Alexandra Shipp, Oscar Isaac, and Olivia Munn in X-Men: Apocalypse (Image  ©  20th Century Fox). 

Alexandra Shipp, Oscar Isaac, and Olivia Munn in X-Men: Apocalypse (Image © 20th Century Fox). 

There were a lot of things I was expecting X-men: Apocalypse to bring to the table. I expected a continued evolution of the returning cast members from the previous two films. I expected a decent if not strong plot and some good action thrown into the mix. Imagine my surprise then when I mostly received a strong dose of disappointment. 

Taking place exactly 10 years after the events of X-Men: Days of Future Past, we find the main players all trying to move on with their lives. Professor Xavier (James McAvoy) has put all his energy behind the School For Gifted Youngsters and it is now a thriving haven for new mutants. Mystique (Jennifer Lawrence) works to rescue mutants from dangerous situations and Magneto (Michael Fassbender) is a common working man in Poland, trying to escape his past. 

Even as our characters and the world around them try to move on, a sinister force awakens from a 5,000 year slumber. Yes, it is none other than the first mutant. He is known by many names but for our purposes he will be known as...wait for it…..Apocalypse (played by a heavily made-up Oscar Isaac). 

Honestly, that’s the first 90 minutes of the 144 minute film. Xavier works with his students and faculty, including ever-loyal friend Hank McCoy (Nicholas Hoult) and newcomers Jean Grey (Sophie Turner) and Scott Summers (Tye Sheridan). Apocalypse assembles a new group to become his revived Four Horsemen, including Storm (Alexandra Shipp), Angel (Ben Hardy) and Psylocke (Olivia Munn). Kurt wrestles with his morals...well he does that for the last 54 minutes too. 

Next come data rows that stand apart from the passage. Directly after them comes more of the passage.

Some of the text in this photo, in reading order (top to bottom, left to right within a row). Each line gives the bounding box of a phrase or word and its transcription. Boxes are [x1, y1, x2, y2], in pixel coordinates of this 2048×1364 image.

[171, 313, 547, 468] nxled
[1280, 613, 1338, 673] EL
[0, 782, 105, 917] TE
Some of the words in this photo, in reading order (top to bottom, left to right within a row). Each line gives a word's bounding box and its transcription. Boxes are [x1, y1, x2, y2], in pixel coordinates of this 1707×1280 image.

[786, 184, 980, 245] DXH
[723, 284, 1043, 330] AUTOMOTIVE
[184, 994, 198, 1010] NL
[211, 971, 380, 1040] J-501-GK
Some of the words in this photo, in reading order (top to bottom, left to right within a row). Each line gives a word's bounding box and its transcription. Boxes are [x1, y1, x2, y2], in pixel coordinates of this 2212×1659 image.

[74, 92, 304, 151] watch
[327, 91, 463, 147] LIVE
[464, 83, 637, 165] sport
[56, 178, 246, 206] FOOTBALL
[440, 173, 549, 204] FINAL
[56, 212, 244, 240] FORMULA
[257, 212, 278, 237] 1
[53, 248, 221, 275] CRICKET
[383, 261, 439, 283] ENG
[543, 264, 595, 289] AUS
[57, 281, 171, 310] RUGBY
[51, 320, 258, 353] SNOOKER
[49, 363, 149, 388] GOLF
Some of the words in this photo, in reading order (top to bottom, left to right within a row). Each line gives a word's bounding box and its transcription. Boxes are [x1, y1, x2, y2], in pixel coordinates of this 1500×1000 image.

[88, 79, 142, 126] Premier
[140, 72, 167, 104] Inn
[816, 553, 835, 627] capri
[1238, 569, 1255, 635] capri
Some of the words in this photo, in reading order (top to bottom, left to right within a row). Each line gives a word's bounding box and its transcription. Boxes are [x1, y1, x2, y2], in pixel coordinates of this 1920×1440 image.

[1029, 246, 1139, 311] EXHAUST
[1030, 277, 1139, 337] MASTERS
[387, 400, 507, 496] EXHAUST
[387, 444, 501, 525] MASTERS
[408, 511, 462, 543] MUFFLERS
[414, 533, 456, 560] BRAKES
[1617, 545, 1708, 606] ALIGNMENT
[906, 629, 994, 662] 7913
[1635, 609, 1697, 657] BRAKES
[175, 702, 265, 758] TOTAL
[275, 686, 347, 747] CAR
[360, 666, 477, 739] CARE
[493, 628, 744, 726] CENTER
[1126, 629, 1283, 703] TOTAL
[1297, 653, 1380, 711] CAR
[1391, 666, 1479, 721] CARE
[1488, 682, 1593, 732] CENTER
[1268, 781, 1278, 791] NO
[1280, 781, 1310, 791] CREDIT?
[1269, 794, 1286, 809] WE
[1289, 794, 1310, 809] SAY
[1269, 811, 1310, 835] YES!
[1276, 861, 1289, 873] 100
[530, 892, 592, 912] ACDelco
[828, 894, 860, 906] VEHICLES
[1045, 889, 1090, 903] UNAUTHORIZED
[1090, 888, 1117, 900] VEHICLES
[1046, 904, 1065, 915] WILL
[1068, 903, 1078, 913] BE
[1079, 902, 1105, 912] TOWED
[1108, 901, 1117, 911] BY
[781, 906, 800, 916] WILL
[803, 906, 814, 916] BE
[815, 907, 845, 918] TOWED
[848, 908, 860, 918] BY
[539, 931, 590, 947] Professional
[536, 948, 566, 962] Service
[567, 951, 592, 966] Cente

Needless to say too much of the film is devoted to setting the stage for the potential end of the world, which would be fine if there was any sense of development of the characters or the story. Unfortunately most of the movie seeks to clean up the past, set things up for the future (a whole 20+ minutes is devoted to a nearly-pointless interaction with a third party) and prepare for things that may or may not ever come to pass. 

There are a ton of characters to keep track of and more than a few cameos large and small from the extensive Marvel mutant lexicon. Heck, I haven’t even mentioned Evan Peters returning as Quicksilver, Kodi Smit-McPhee as Kurt Wagner or Lana Condor as Jubilee. Yet while Days of Future Past did the same thing for a purpose, this one doesn’t seem to know what to do with half of them. 

On a final note, I try not to be too negative with specific actors or actresses but after having seen the film I feel the need to call Olivia Munn out. In an interview for the movie she claimed that she did all of her stunts which itself is an admirable goal. However, it looks like she was a bit ... less than truthful. Not only was her claim of doing it all because her stunt-double didn’t know enough martial arts kind of a dick move, but there seems to be evidence that she did indeed use the stunt double, at least for the more dangerous stunt testing prior to final filming. 

I bring this up both because I feel like no actor or actress should ever diss the people that take on most of the danger, but also because Psylocke is in the movie for less than 10 minutes total screen time, with maybe 90 seconds of actual fight time.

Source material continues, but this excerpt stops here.